Looking at the Person struct, the member name is a char *, i.e., a pointer to char. You should not assume that the first 4 bytes of the struct are the name field or that the second 4 bytes of a Person are the age field. The name field will, indeed, be allocated a memory address that occurs before the age field, but the compiler reserves the right to store the fields aligned as it needs. As a result, you cannot assume that the sizeof a struct is the sum of the sizeof's of its constituent fields (although, clearly, the sizeof the struct must be at least this large!). Sometimes the compiler has to pad to ensure that certain types start on a word boundary. We will cover alignment in machine language in a few classes.

Let's now look at

structs_3.c

And finally, let's look at

structs_4.c and input.txt

Linked Lists

Now that we are familiar with the struct type, we use it to implement a linked list. A linked list can be thought of as an array that's been blown apart and, since the elements are no longer contiguous in memory, we must explicitly chain (link) them together via explicitly mallloc'd pointers.

Notice in our code sample below that we use a slightly different form of typedef to declare our list element struct. This is needed because in our list element struct declaration we make a (self-)reference to our own struct!

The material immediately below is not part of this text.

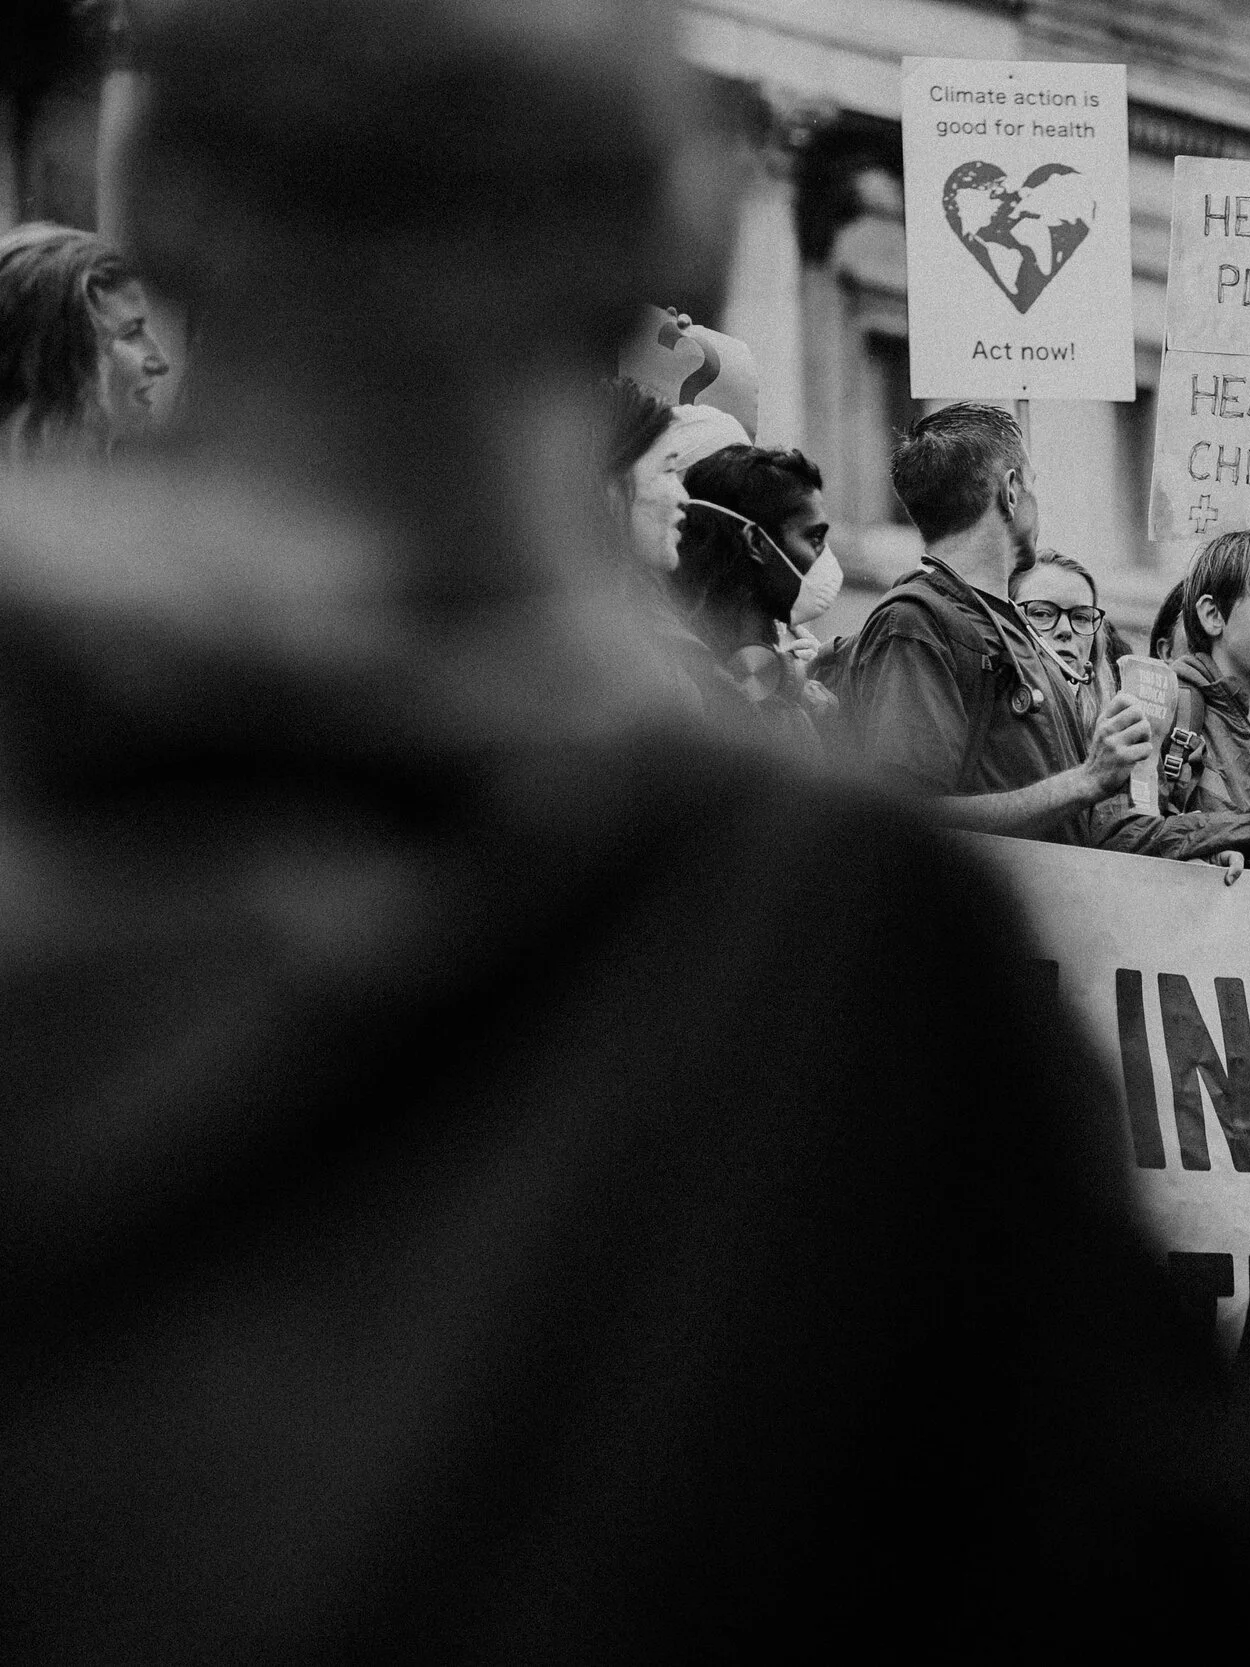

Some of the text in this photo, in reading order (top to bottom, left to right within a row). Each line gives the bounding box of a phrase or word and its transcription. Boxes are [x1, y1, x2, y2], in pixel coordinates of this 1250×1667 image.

[929, 84, 1100, 108] Climate action is
[936, 118, 1096, 139] good for health
[972, 340, 1077, 362] Act now!

As you can see, C allows one struct to contain instances of other structs (or pointers to other structs or itself). But, for obvious reasons, a struct cannot contain a variable of its own type, only a pointer to its own type. Why? If we had declared a variable of our own type in the struct, the compiler would be unable to resolve the symbol, due to an infinite recursion of definition. Similarly, two different struct types cannot contain instances of each other as resolution of the final types would require an infinite mutual recursion.

Nested Structs

Here is an example of struct composition in the context of a Linked List:

linkedList.c and input.txt

Let's look at the code and make sure we understand what's going on in all those functions. We'll write a few of our own as well. Here's where we ended up:

linkedList-rev1.c

Linked Lists (continued)

We continued to develop our linked list code, adding a recursive append function as well as iterative and recursive delete functions. Our final version of the code can be found in

linkedList-final.c

We also worked with a hash table example. Here is the starter code that we used:

hash-table.c

I augmented this code with a recursive delete function, deleteRecurReturn that performs the delete through the return, instead of through the paramenter. It is thus passed a ListNode;nbsp;* instead of a ListNode **. Make sure you read and understand this function!

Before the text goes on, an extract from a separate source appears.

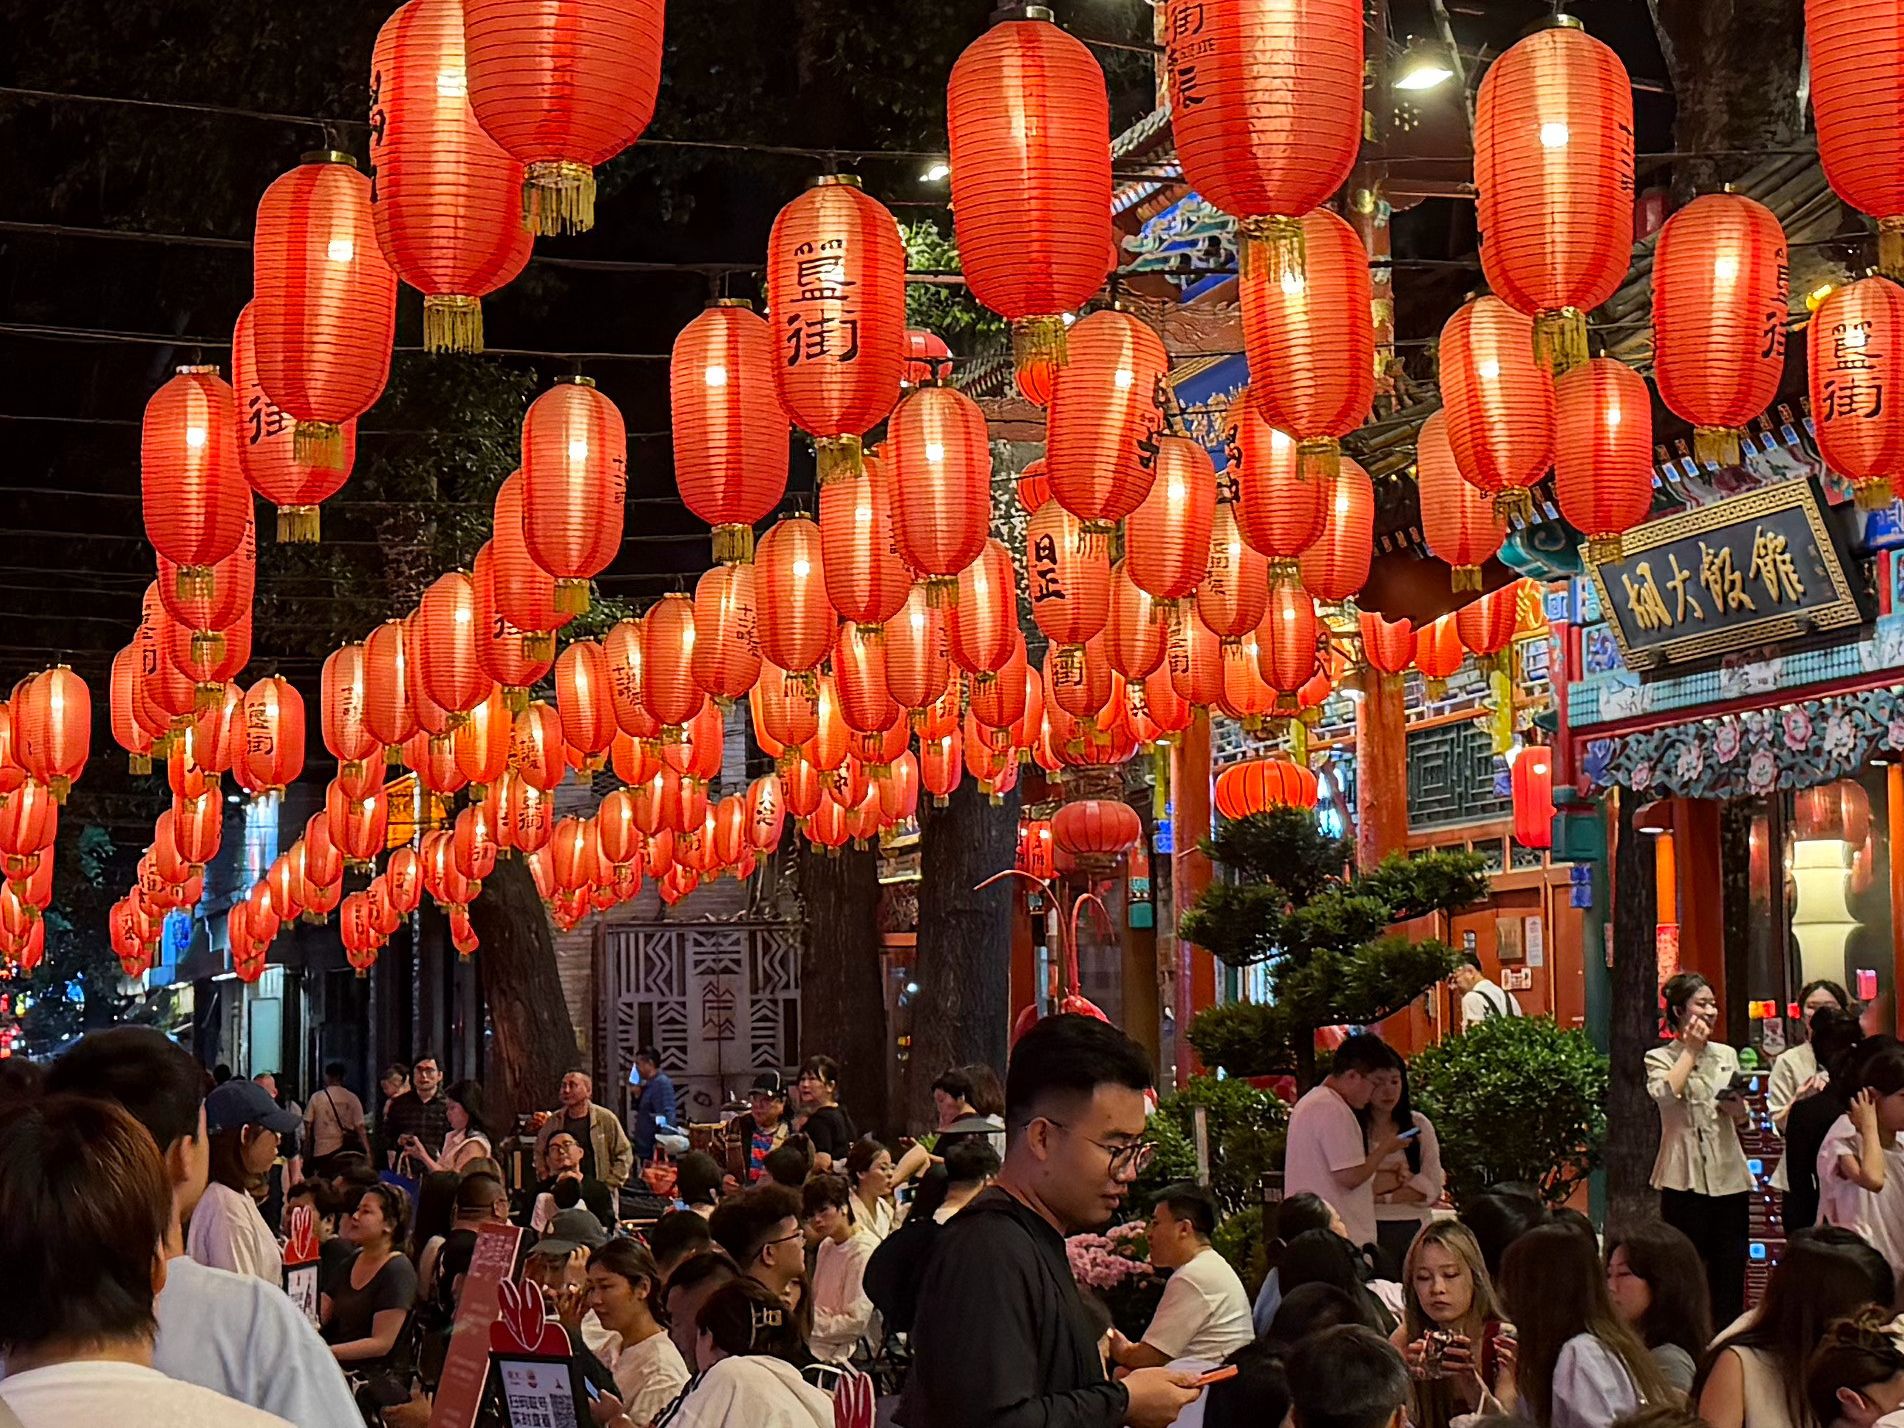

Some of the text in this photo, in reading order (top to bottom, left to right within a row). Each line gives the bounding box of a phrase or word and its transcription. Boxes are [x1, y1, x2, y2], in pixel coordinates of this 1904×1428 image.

[787, 239, 858, 366] 簋街
[1823, 321, 1882, 422] 簋街
[1033, 533, 1066, 602] 日正

Some more information about source code decomposition

Please look at the new file on makefiles and source code decomposition. Here is another example of source code decomposition.

We now step back a minute from arrays and pointers and look at the larger picture and issues of source code decomposition into separate files.

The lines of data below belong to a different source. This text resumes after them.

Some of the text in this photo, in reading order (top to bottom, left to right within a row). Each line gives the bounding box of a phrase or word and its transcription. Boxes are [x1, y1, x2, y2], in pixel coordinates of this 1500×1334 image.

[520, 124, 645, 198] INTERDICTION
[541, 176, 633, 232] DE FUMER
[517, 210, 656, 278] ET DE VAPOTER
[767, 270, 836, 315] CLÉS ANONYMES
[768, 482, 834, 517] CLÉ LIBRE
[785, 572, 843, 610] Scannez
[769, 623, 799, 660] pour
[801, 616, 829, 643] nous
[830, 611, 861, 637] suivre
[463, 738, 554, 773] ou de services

Let's look at arrDemo2.c next. It's the exact same program as one of our old array programs EXCEPT:

The function definitions that operate on arrays are no longer in the same file as main; they've been moved to their own source file: arraylib.c
All the corresponding declarations (prototypes) are also moved to their own file: arraylib.h
That leaves only the main function in the arrDemo2.c file and a new included file, #include "arraylib.h" above main. Note the use of " " instead of < > around arraylib.h. " " denotes that the header file is "local" or programmer-defined and < > denotes that it's a system-defined header (which is found in /usr/include).
We also #include "arraylib.h" at the top of arraylib.c. Why?

There's some tricky looking stuff in arraylib.h - the #ifndef pre-processor directive. This is to prevent multiple includes of the same source (since recall that #include implies copy and paste). We'll discuss this in lecture.

To successfully compile the arrDemo2.c program, we need to compile both arrDemo2.c and arraylib.c together, i.e., gcc -ansi -pedantic -Wall arrDemo2.c arraylib.c

Why don't we need to list the .h files on our gcc compilation command line?